[Start of section]
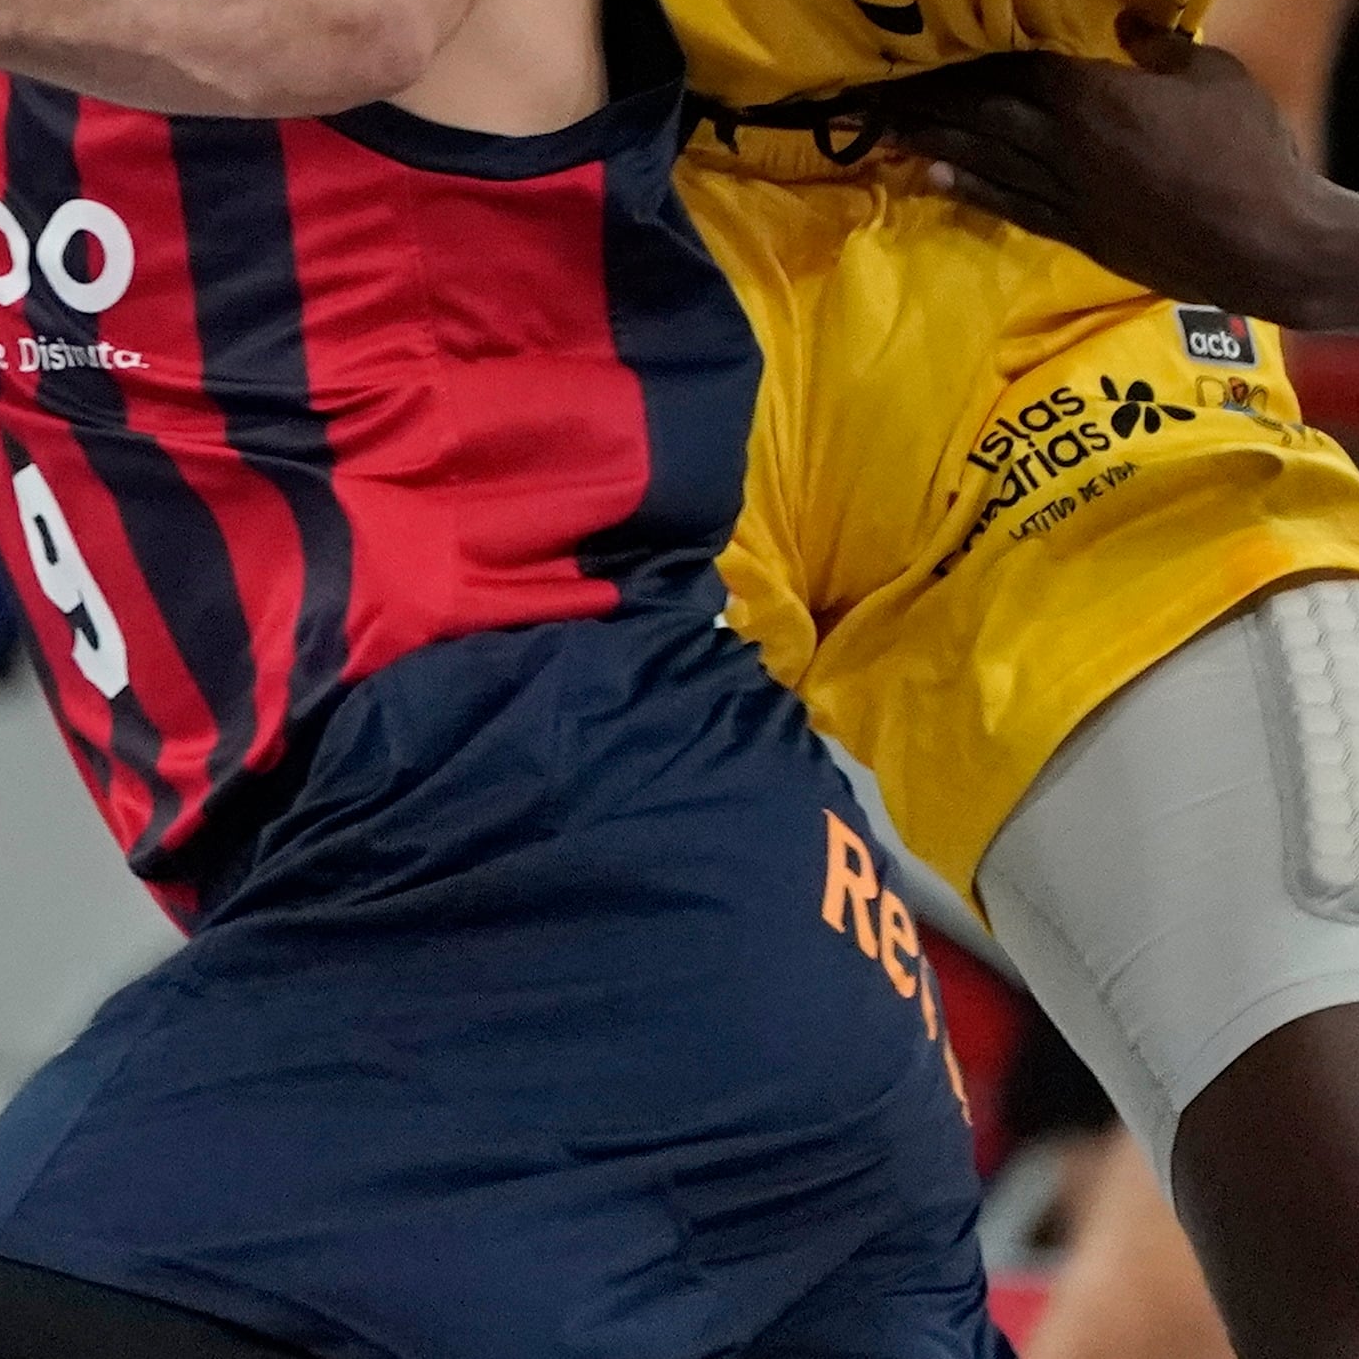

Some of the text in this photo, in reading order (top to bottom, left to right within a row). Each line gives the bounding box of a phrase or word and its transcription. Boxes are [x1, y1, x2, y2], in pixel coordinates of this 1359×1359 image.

[1190, 330, 1241, 359] acb
[967, 386, 1085, 474] Islas
[1078, 476, 1103, 503] DE
[12, 463, 129, 699] 9
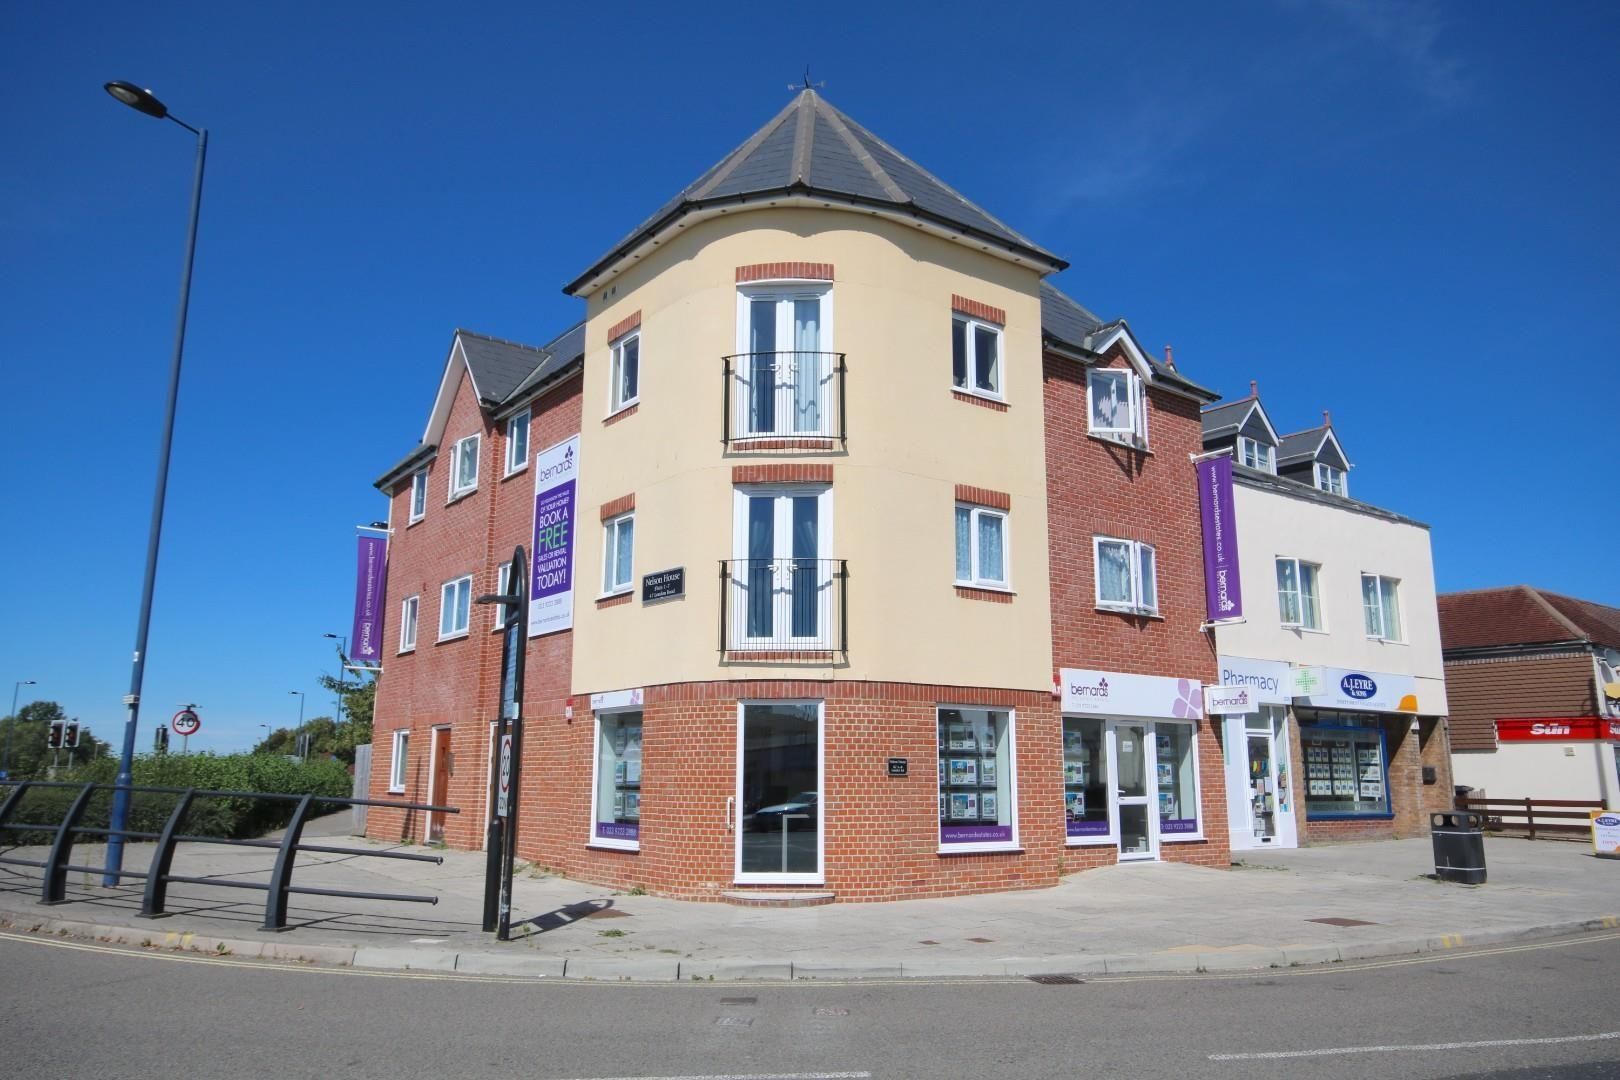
[End of section]
What you are asked to do:
From the first line to the last, retype the entries above exactly, minus the pictures.

Solution for this problem:
Some of the text in this photo, in reading order (top to bottom, left to right within a row). Each line gives the bounding box of a phrase or word and its transcription. Boxes are [x1, y1, x2, y2], in pixel coordinates of this 1359×1359 image.

[1190, 330, 1241, 359] acb
[967, 386, 1085, 474] Islas
[1078, 476, 1103, 503] DE
[12, 463, 129, 699] 9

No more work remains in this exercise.